### DATA PROVIDED ###

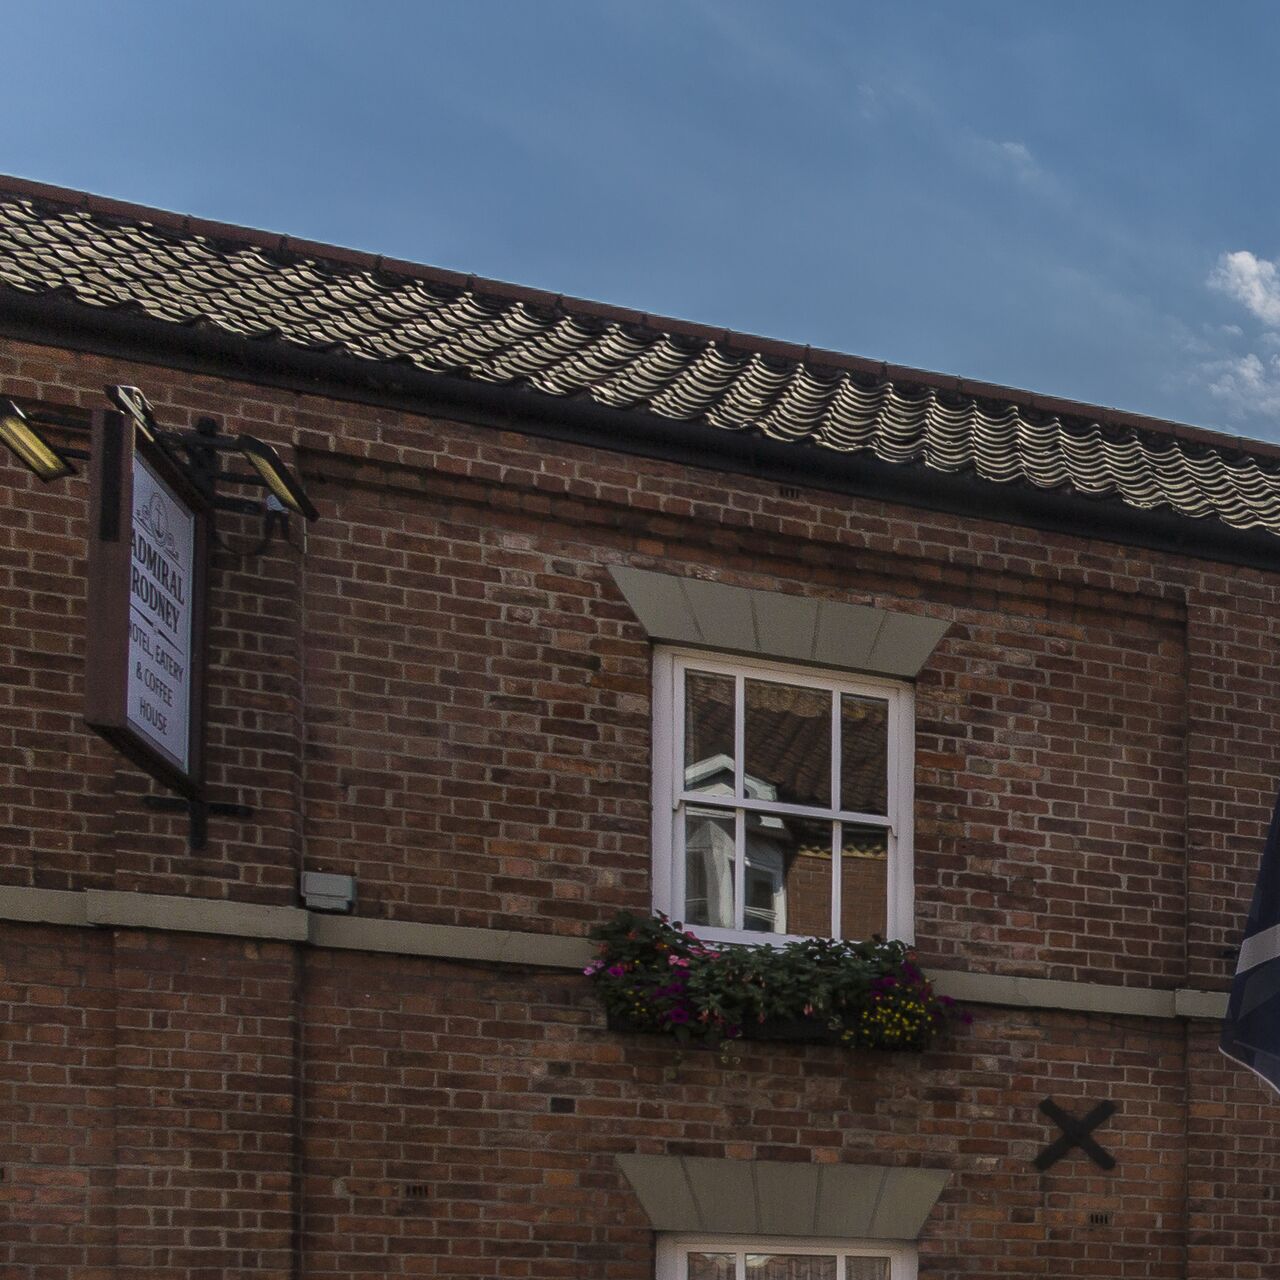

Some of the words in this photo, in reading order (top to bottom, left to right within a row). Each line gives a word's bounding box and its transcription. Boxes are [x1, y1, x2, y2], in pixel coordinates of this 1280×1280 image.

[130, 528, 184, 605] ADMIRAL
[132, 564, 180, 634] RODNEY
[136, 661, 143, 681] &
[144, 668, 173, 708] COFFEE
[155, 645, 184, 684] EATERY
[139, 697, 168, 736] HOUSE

###

### YOUR ASSIGNMENT
Each record above has to be written out again in full, but its pictures must not be.

### RESULT BELOW
Some of the words in this photo, in reading order (top to bottom, left to right within a row). Each line gives a word's bounding box and its transcription. Boxes are [x1, y1, x2, y2], in pixel coordinates of this 1280×1280 image.

[130, 528, 184, 605] ADMIRAL
[132, 564, 180, 634] RODNEY
[136, 661, 143, 681] &
[144, 668, 173, 708] COFFEE
[155, 645, 184, 684] EATERY
[139, 697, 168, 736] HOUSE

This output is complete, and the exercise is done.